I was thinking of my kids, again, when I read Elisabeth Ellington’s beautifully wise post on her beautifully wise blog, the dirigible plum. Elisabeth is a professor of education and English, and a talented writer; I turn to her blog often for ideas about what to read, how to write, and how to teach. Here is what she wrote yesterday:
If we’re writing what matters, we’re probably going to be working right there on the edge of fear much of the time. I feel like a Jillian Michaels video here, but we have to get comfortable with being uncomfortable. Writing that feels safe is often writing that’s just going through the motions. When I’m uncomfortable in a piece of writing, that’s when I know I’m getting somewhere.
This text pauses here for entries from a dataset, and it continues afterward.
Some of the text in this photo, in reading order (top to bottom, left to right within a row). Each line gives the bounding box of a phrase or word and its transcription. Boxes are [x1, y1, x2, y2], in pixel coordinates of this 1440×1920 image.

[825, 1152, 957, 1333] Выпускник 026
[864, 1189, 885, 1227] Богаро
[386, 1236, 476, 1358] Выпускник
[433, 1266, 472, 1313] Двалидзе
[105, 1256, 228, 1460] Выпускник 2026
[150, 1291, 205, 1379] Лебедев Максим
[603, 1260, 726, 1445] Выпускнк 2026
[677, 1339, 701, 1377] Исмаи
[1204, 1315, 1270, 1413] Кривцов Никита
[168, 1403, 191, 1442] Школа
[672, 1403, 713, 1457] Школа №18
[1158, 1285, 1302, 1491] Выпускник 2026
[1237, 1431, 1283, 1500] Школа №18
There are different ways to be uncomfortable in our writing. Maybe we’re exploring subject matter that makes us feel vulnerable. Maybe we’re on the edge of what we can manage stylistically or technically. Or we’re trying something new—a new genre, a new format. Maybe we’re pushing our thinking and uncovering new beliefs. Or we’re challenging ourselves to articulate in words what we’ve never before spoken.
Discomfort is necessary if we’re going to grow and develop as writers, and here’s why: the discomfort is really about fear of failure. We aren’t sure that we can pull off what we’re trying to do. But if we aren’t risking failure, we aren’t learning. I can’t get better by doing the thing I already know how to do. At least not if that’s the only thing I do. And so when I’m uncomfortable, I know I’m growing, learning, discovering, developing.
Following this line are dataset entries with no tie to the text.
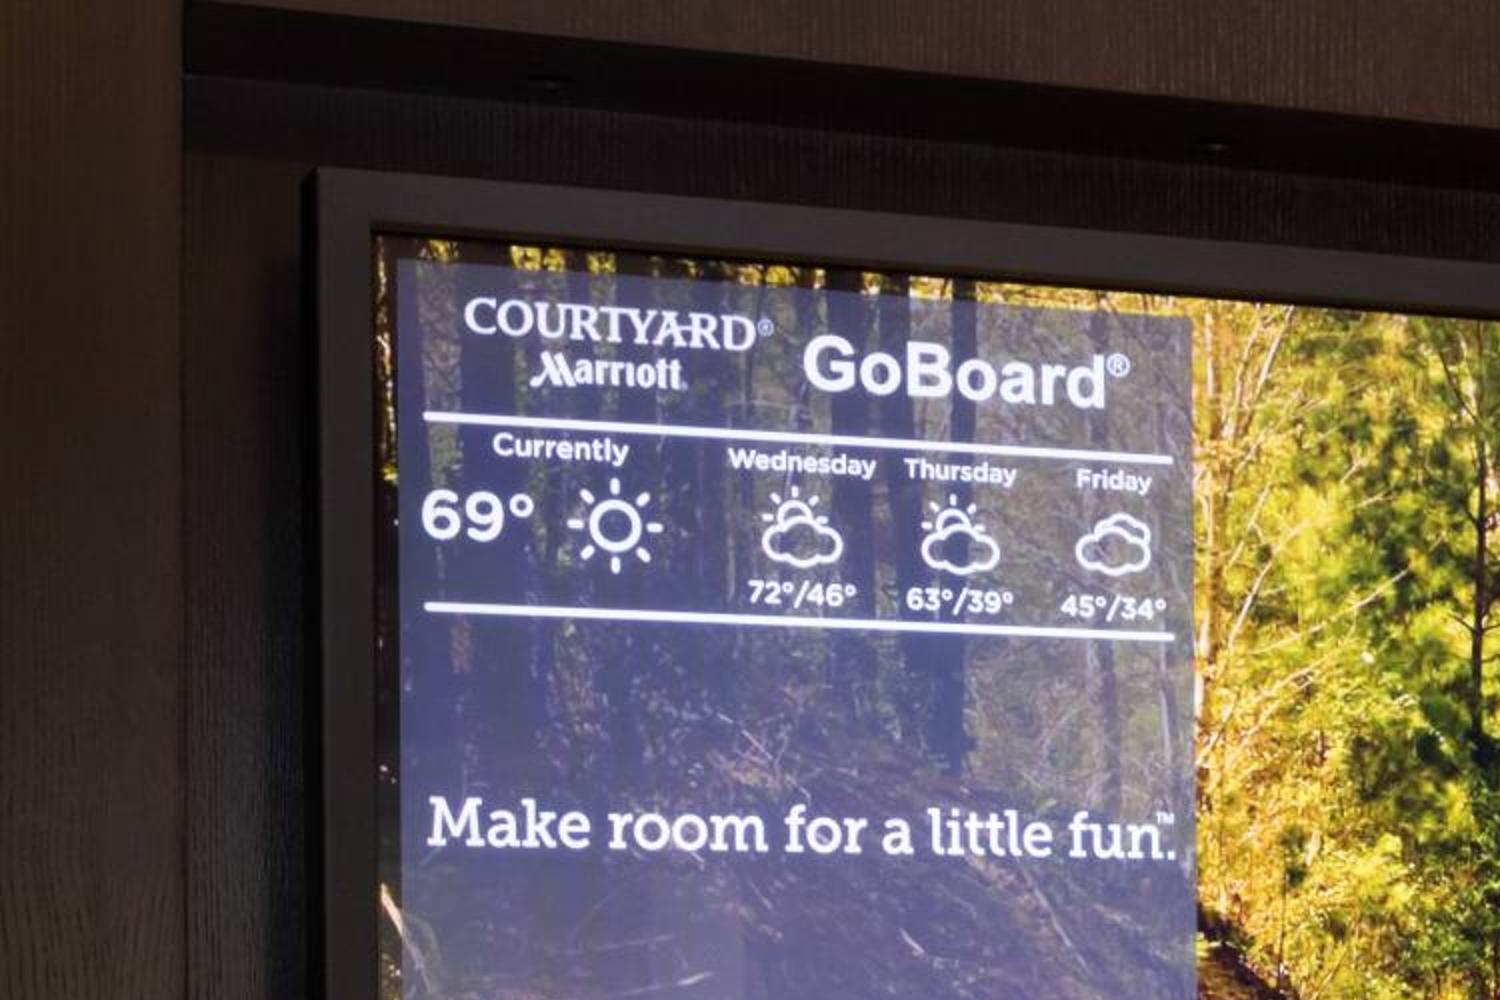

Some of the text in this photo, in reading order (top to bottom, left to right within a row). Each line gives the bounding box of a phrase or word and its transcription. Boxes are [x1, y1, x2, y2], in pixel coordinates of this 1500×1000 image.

[494, 432, 628, 466] Currently
[728, 448, 876, 479] Wednesday
[904, 458, 1017, 488] Thursday
[1077, 468, 1152, 495] Friday
[422, 489, 534, 541] 69°
[749, 580, 856, 608] 72°/46°
[907, 588, 1013, 614] 63°/39°
[1061, 594, 1166, 621] 45°/34°
[428, 796, 590, 848] Make
[608, 806, 768, 851] room
[785, 804, 867, 853] for
[882, 819, 914, 854] a
[928, 808, 1052, 857] little
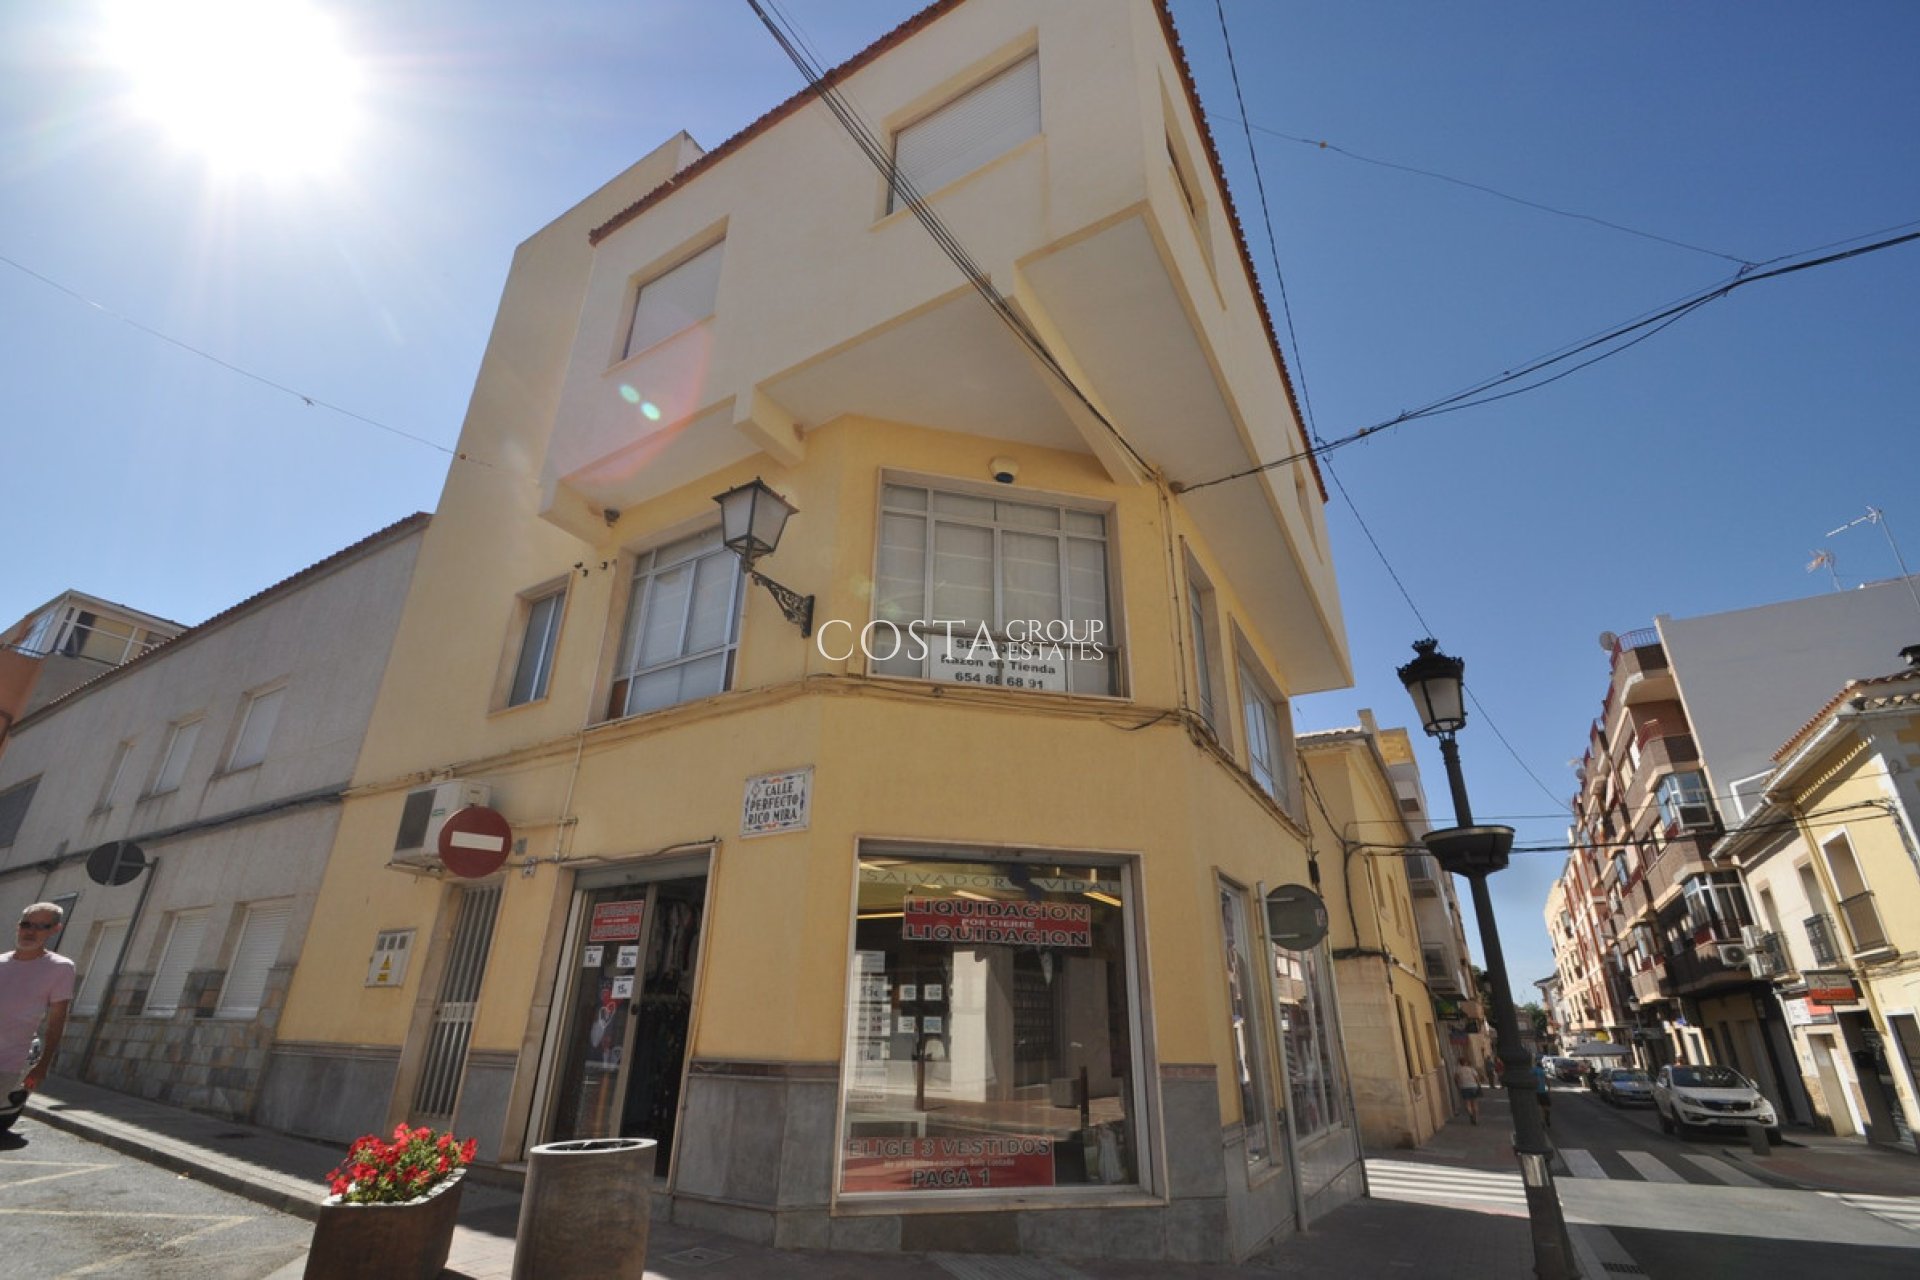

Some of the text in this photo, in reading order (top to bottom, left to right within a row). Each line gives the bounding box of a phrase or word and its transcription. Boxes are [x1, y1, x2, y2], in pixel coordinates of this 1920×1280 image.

[979, 642, 1040, 655] AQUIA
[1010, 662, 1056, 674] Tienda
[955, 671, 981, 682] 654
[1006, 675, 1024, 687] 68
[1028, 678, 1043, 689] 91
[765, 781, 794, 796] CALLE
[749, 794, 799, 812] PERFECTO
[866, 871, 1005, 888] SALVADOR
[907, 899, 1088, 921] LIQUIDACION
[962, 918, 1035, 928] POR CIERRE
[906, 924, 1089, 946] LIQUIDACION
[848, 1138, 1050, 1157] ELIGE 3 VESTIDOS
[911, 1168, 991, 1187] PAGA 1
That’s a tall order for any writer, whether a college professor, college student…or a sixth grader. But, I know, that is indeed what I ask of my kids, every day, in our writing workshop. It takes bravery to write, and bravery to share; so, much of our time in reading/writing workshop in these first few weeks are spent trying to build a culture of bravery in our writing workshop. Here are our building blocks:
I write and I share:
My writer’s notebook and reading journal sit on my desk, and when we turn to write after a read aloud or mini lesson, I write. All week, I’ve kept track of my kids watching me write. I know that when I look up from my notebook to collect my thoughts, there are eyes taking note of the way writers pause to think, imagine, clarify. When I pause to look up a word, or refer to the readaloud text to collect a quote, they are paying attention. These writing behaviors are every bit as important as the mini lessons I share about writing moves and craft choices. Brave writers don’t always know where they are going, or whether their writing is hitting the mark…but they keep trying at the craft. I want my kids to know this.
We cultivate a reverence for our writing time:
Our class is a noisy space – a place of discussion, sharing, and debate… unless we are reading or writing. Especially writing. There is a hush in the room when we open our notebooks and begin to dig for stories, a sense that important work is afoot and this work requires respect. Bravery begins in a place where one is respected, and brave writers need to feel this respect in their bones.
We read books that nudge us into the many ways to find and honor bravery:
We celebrate each time someone is brave and shares a bit from their writing pages. Not with loud clapping and woo-hoo’s, but gentle nods to say: “Thank you for being brave. Because you shared, now I feel that I can, too.”
As Elisabeth so wisely says, to learn is to take risks and become comfortable with being uncomfortable. And so, in these early days of writing workshop, we work on being brave.